BRIEF →
Would you write out the entries that follow word for word, omitting any images?

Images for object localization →
--- START ---

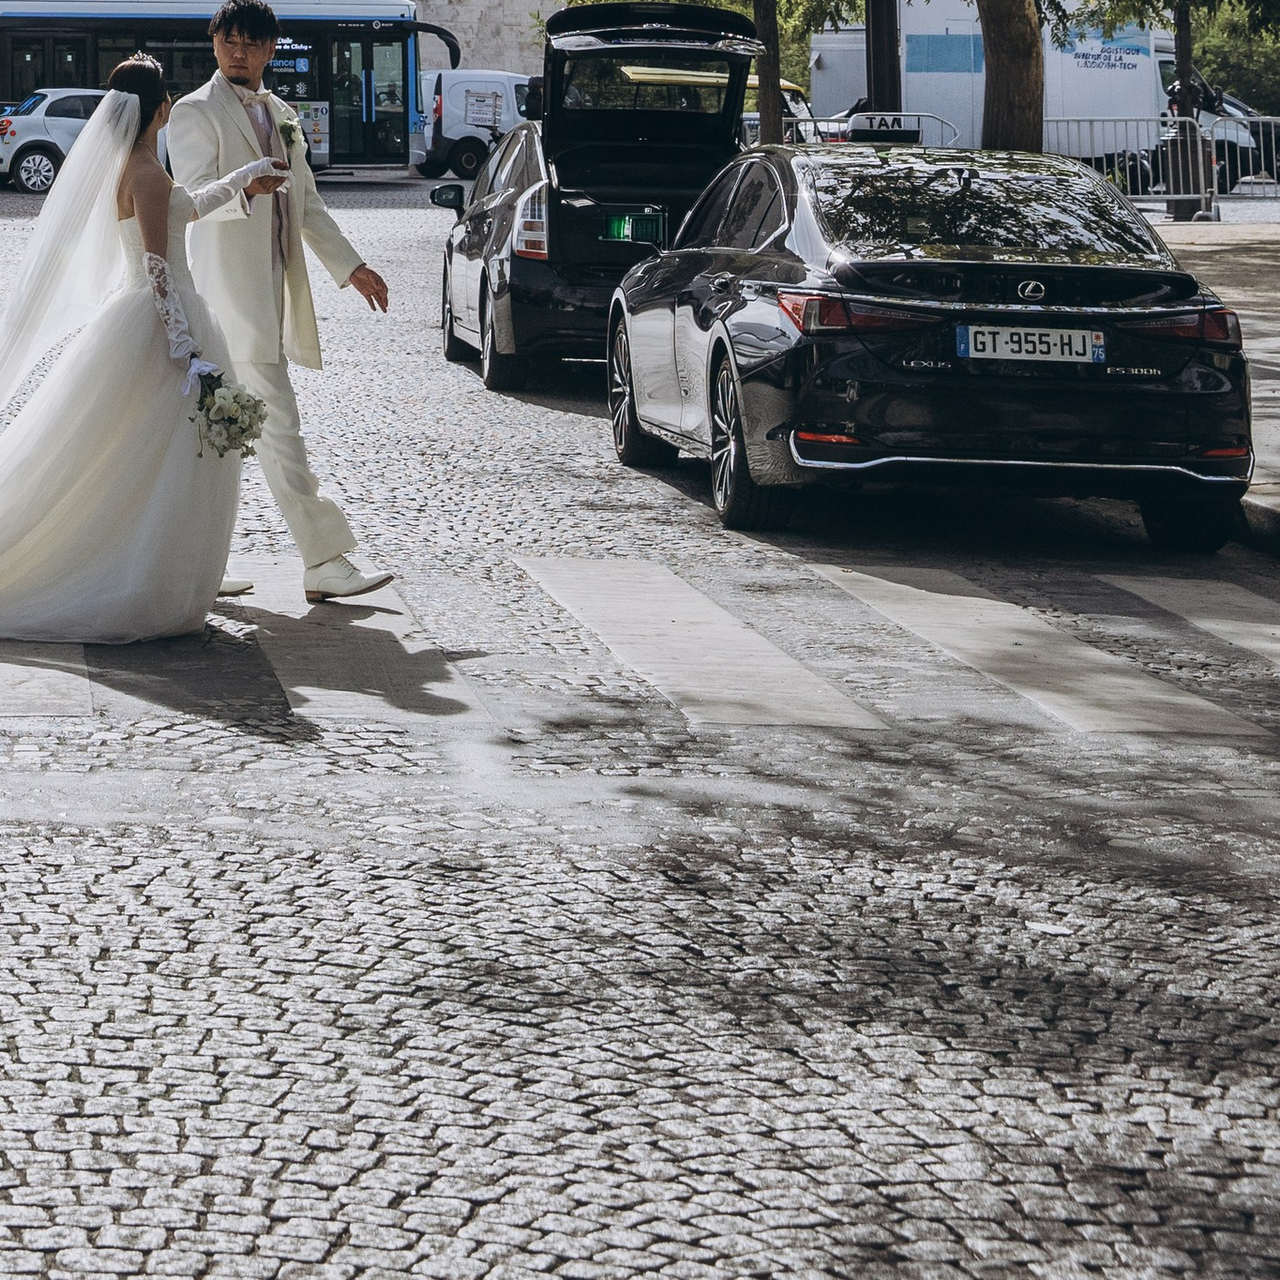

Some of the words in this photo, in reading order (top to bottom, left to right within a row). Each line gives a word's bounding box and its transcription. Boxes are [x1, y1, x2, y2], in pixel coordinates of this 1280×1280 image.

[973, 330, 1088, 357] GT-955-HJ
[1092, 347, 1105, 359] 75
[902, 360, 951, 369] LEXUS
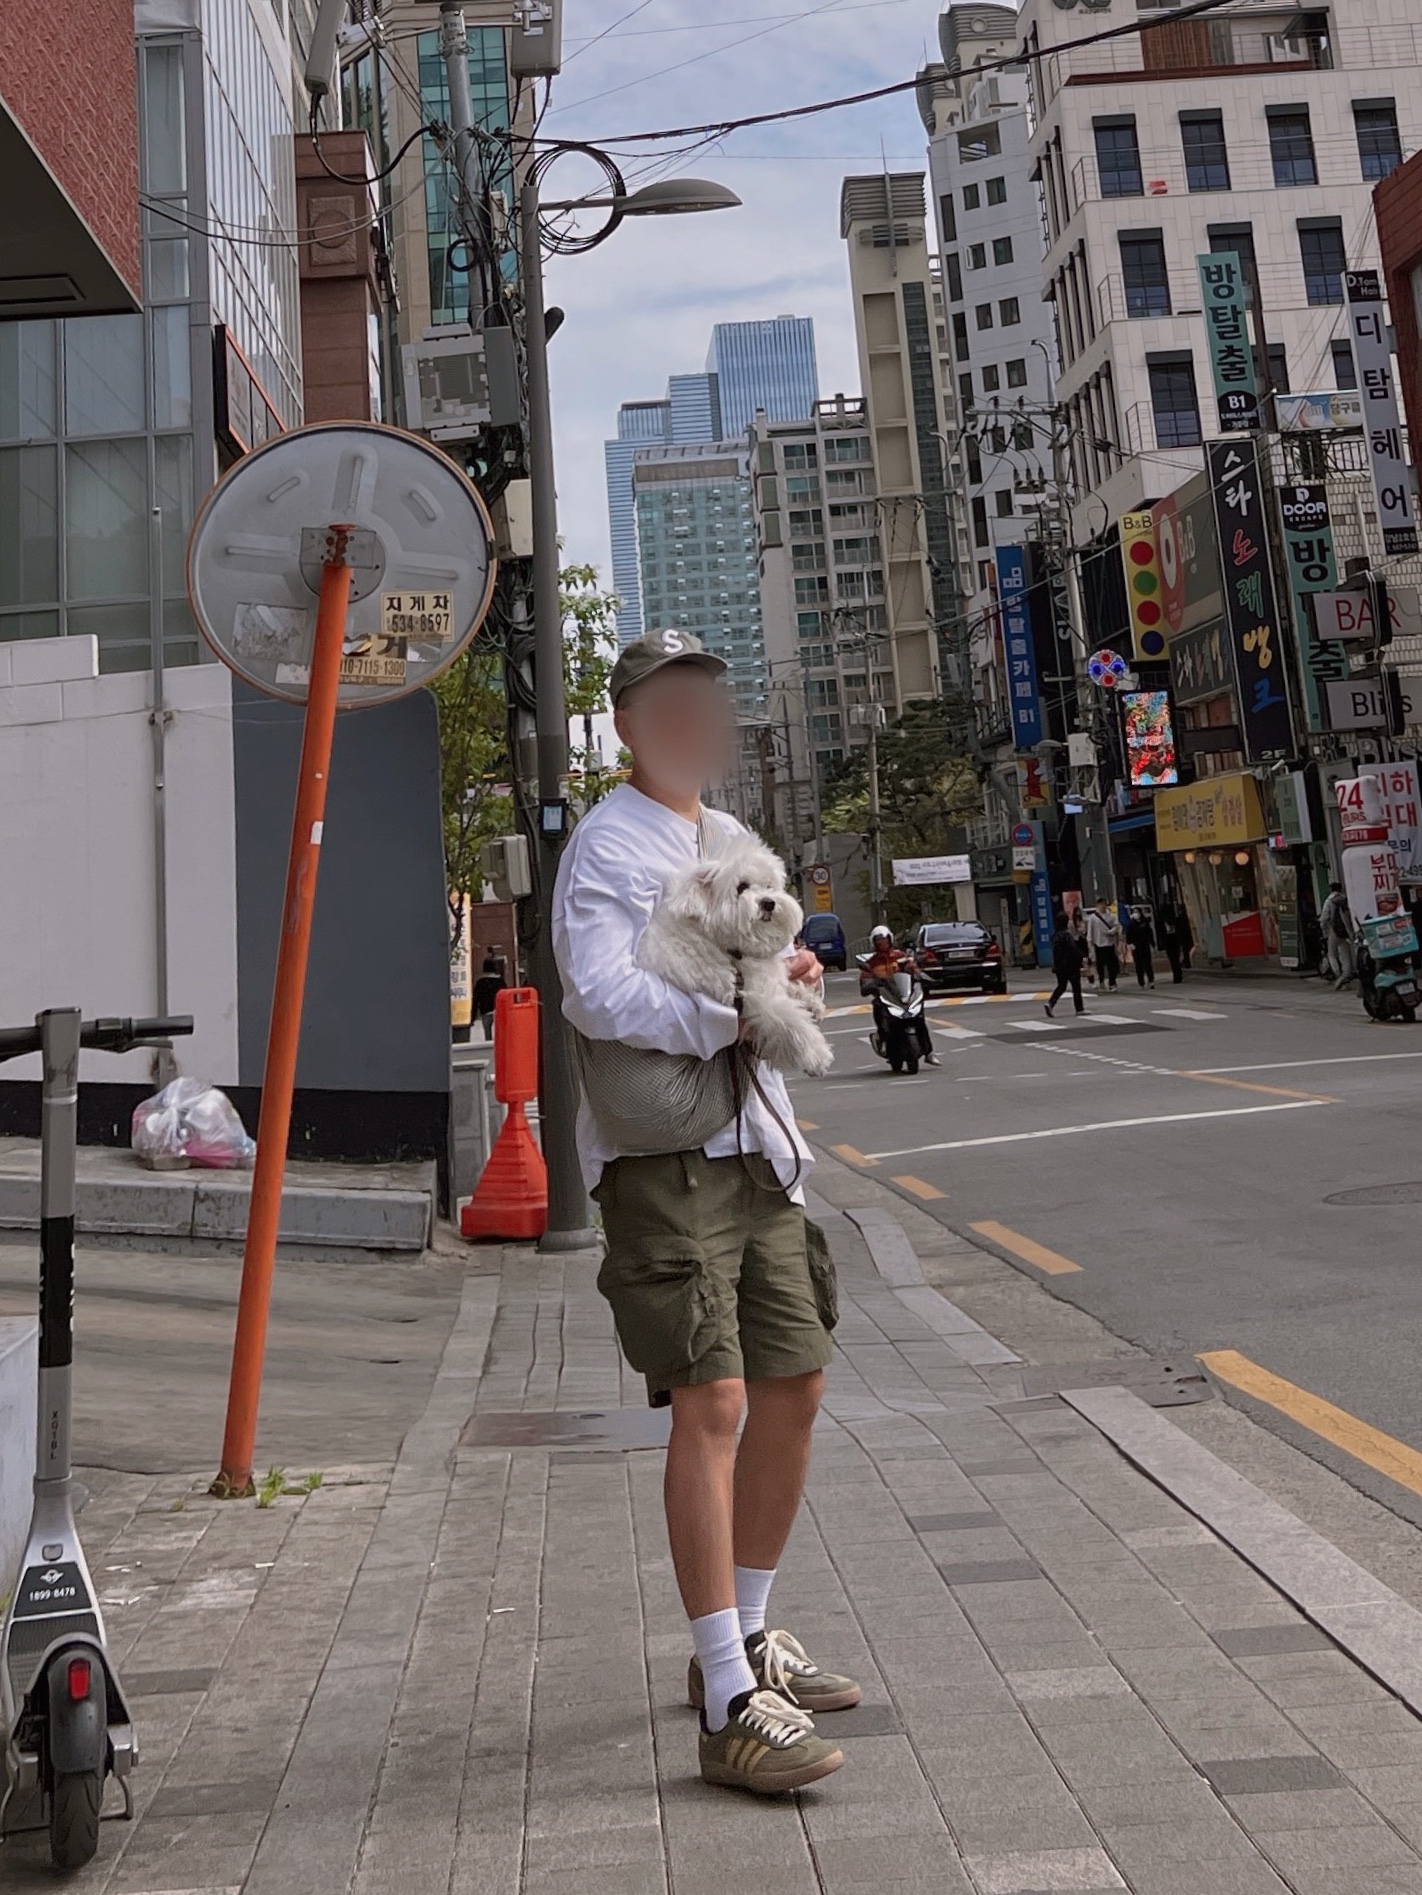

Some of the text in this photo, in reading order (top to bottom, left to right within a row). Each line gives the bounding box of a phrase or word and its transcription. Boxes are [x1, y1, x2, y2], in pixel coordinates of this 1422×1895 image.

[1202, 263, 1248, 382] 방탈출
[1228, 394, 1246, 410] B1
[1355, 312, 1408, 518] 디탐헤어
[1283, 501, 1327, 516] DOOR
[1123, 515, 1152, 530] B&B
[1289, 538, 1345, 681] 방출
[662, 629, 684, 653] S
[1261, 750, 1286, 760] 2F
[815, 869, 828, 881] 30

--- END ---

OUTPUT →
Some of the words in this photo, in reading order (top to bottom, left to right within a row). Each line gives a word's bounding box and its transcription. Boxes are [x1, y1, x2, y2], in pixel coordinates of this 1280×1280 image.

[973, 330, 1088, 357] GT-955-HJ
[1092, 347, 1105, 359] 75
[902, 360, 951, 369] LEXUS

Some of the text in this photo, in reading order (top to bottom, left to right within a row). Each line gives the bounding box of a phrase or word and its transcription. Boxes are [x1, y1, x2, y2], in pixel coordinates of this 1422×1895 image.

[1202, 263, 1248, 382] 방탈출
[1228, 394, 1246, 410] B1
[1355, 312, 1408, 518] 디탐헤어
[1283, 501, 1327, 516] DOOR
[1123, 515, 1152, 530] B&B
[1289, 538, 1345, 681] 방출
[662, 629, 684, 653] S
[1261, 750, 1286, 760] 2F
[815, 869, 828, 881] 30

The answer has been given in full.